A business can be conducted under two categories:

  • A limited liability company (local company) incorporated under the laws of Ghana
  • An external company (liaison office).

Acquire a Tax Identification Number

All the directors and the secretary of incorporated entities or the local managers of branches are required to register for a tax identification number (TIN) prior to the registration of the company.

The applicant needs to complete a Ghana Revenue Authority Taxpayer Registration Form. The Ghana Revenue Authority (GRA) officers after processing the TIN, sends a text message to the applicant to collect the TIN.

Check for availability of company name and submit company documents to obtain the certificate of incorporation

The applicant shall request for a search to be conducted at the Companies Registry to ascertain the availability and acceptance of the proposed name of the company, and submit the company documents for registration.

Applicant may pick up a prescribed Form A from the in-house bank or download it at the RGD’s website (http://www.rgd.gov.gh), and submit filled forms.

The following current Fees are applicable:

–          Name search GHC 25

–          Name reservation GHC 50

–          Complete set of Incorporation forms   GHC 15

–          Registration fees GHC 200

–          GHC 5 per certification of regulations (assuming 3 certificates)

The forms require the following information:

  • Nature of the business that subscribers intend to engage in
  • Full names of subscribers and shareholders, their addresses, percentage shareholdings, occupation, and any directorships in any other company
  • Full name and address of company secretary and auditors.
  • A letter from an auditing firm must also be presented at the moment of document submission.
  • An attestation that the minimum nominal capital complies with the requirement that a company 100% Ghanaian-owned have minimum nominal capital of at least GHC 500

Registration requirements of a local company

  • Name of company;
  • Nature of business of the company;
  • First directors (at least two), one of whom should be present in Ghana at all times;
  • Number of shares with which the company should be registered (shares of no par value);
  • Name and address of auditor;
  • Address of registered office and principal place of business;
  • Authorised number of shares;
  • Stated capital;
  • Issued shares;
  • Name and address of subscribers/shareholders; and
  • Company secretary.

Registration requirements of an External company

An external company (also known as a liaison office) is a body corporate formed outside the Republic of Ghana that has an established place of business in Ghana.

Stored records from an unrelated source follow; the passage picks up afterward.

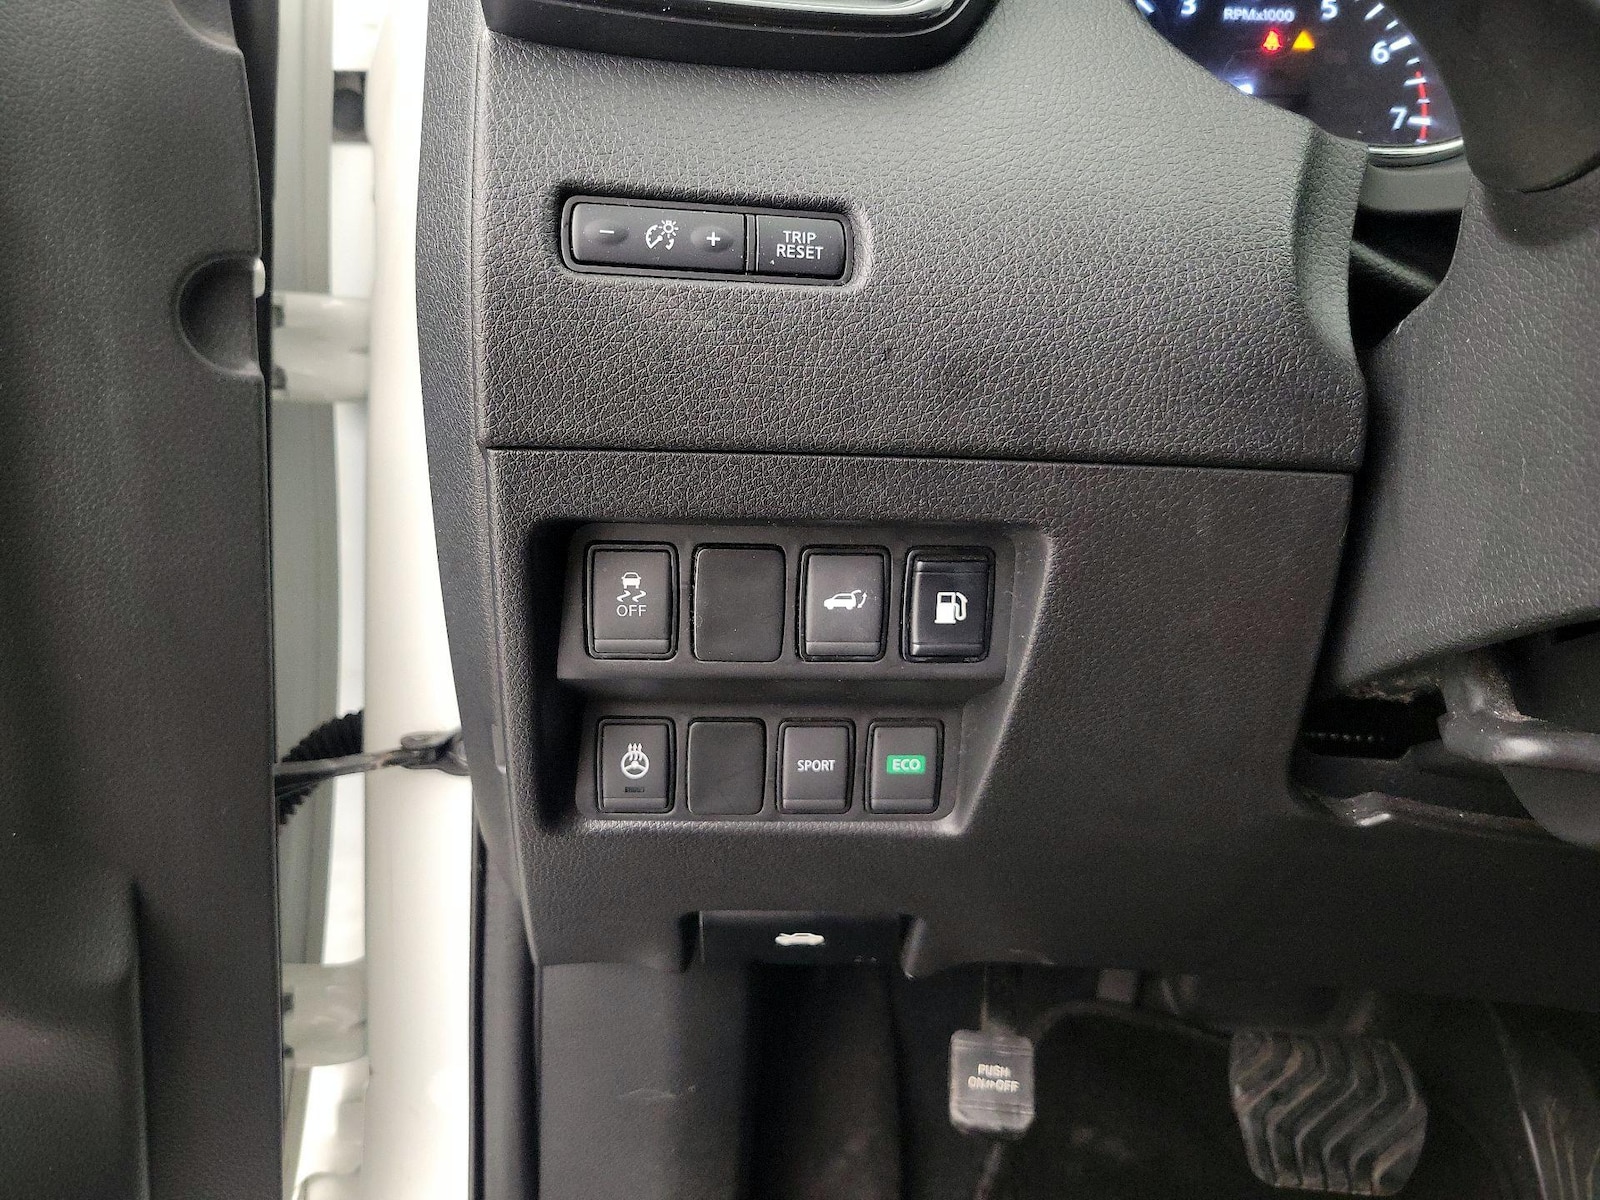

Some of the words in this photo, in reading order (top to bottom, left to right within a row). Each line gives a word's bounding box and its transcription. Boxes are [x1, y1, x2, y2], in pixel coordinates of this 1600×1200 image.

[1223, 7, 1296, 22] RPMx1000
[1320, 0, 1338, 20] 5
[1371, 40, 1390, 65] 6
[1389, 106, 1408, 131] 7
[782, 230, 817, 244] TRIP
[776, 243, 824, 260] RESET
[616, 604, 647, 617] OFF
[797, 759, 836, 772] SPORT
[892, 758, 921, 771] ECO
[977, 1063, 1012, 1078] PUSH
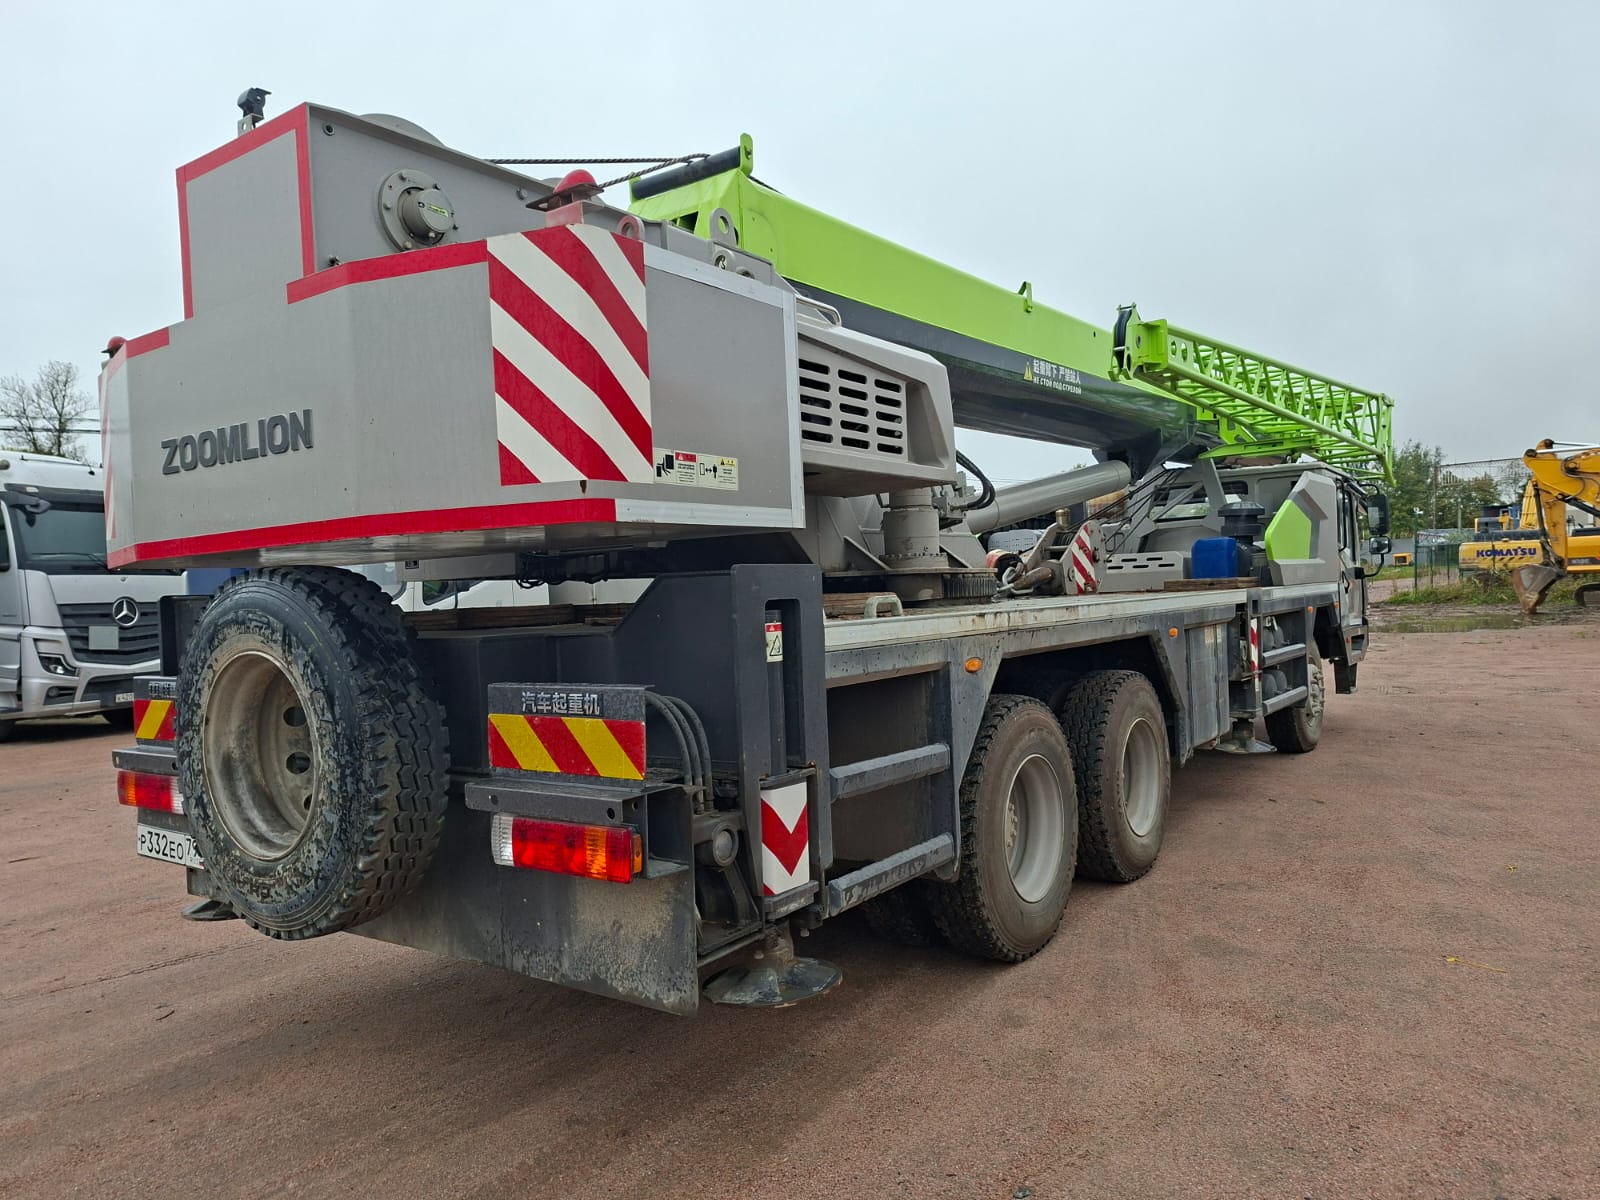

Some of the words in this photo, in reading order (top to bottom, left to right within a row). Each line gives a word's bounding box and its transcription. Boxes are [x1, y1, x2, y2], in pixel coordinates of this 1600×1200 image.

[161, 409, 313, 475] ZOOMLION
[1476, 547, 1537, 558] KOMATSU
[522, 691, 600, 715] 汽车起重机

Information and documents required for registering an external company are as follows:

  • Name of company (name of head office entity);
  • Nature of business;
  • Name and details of local manager;
  • Authorised capital (for head office);
  • Issued capital (for head office);
  • Address of principal place of business in Ghana;
  • Address of registered office in country of incorporation;
  • Name and address of process agent;
  • Memorandum and articles of association of head office, duly notarised by a notary public in the country of registration;
  • A power of attorney executed in favour of the local manager, which must be notarised as well; and
  • Certificate of incorporation of Head Office.

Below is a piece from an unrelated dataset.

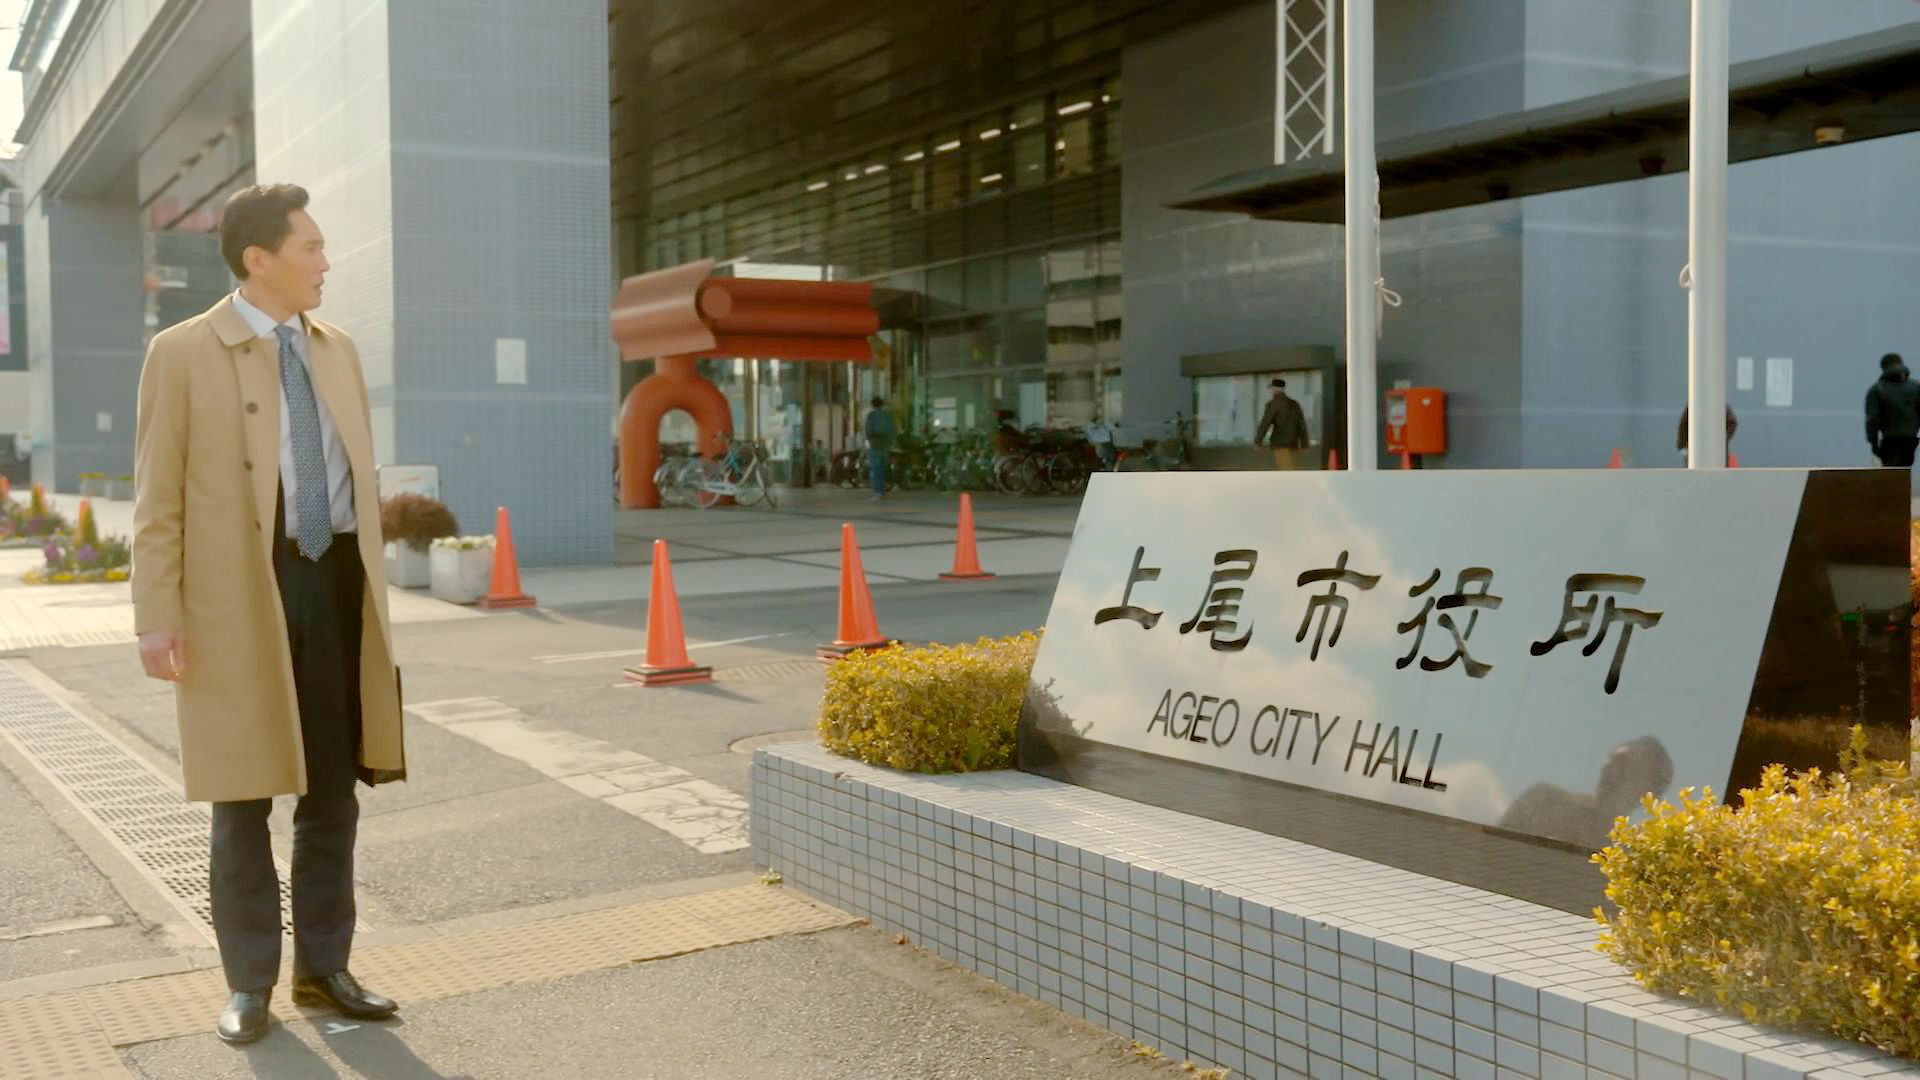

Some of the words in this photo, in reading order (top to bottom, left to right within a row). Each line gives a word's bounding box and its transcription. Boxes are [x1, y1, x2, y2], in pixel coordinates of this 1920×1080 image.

[1094, 545, 1664, 695] 上尾市役所
[1146, 688, 1240, 748] AGEO
[1249, 704, 1341, 766] CITY
[1344, 719, 1448, 793] HALL

Registration with the Ghana Investment Promotion Centre (GIPC)

Under the GIPC Act, all companies in which there is foreign participation are required to register with the GIPC, except for companies operating in the mining and petroleum industry.

The following are the minimum capital requirements under the GIPC Act:

  • A joint venture with Ghanaian participation requires US$200,000 (in either cash or capital goods or both) to be contributed by the foreign partner. The local citizen partner shall not have less than ten percent (10%) equity participation in the joint venture.
  • A wholly owned foreign requires foreign equity capital of US$500,000 in either cash or capital goods.
  • A trading entity either wholly or partly owned by a non-Ghanaian requires US$1 000 000 in either cash or capital goods.
  • Companies in other sectors require GH¢500 (approximately US$208) for private companies and GH¢2 000 (approximately US$833) for public companies; however, they are all made to pay the GIPC’s capital requirement.
  • An external company does not require foreign equity capital.

Registration with the Ghana Free Zones Board (GFZB)

An investor who wishes to establish as a free zone developer or set up an enterprise in the Ghana Free Zones will require various licences and permits to enable him operate. The Ghana Free Zones Board provides a “one-stop approval service” to investors to assist them complete formalities for the establishment of free zone investment projects.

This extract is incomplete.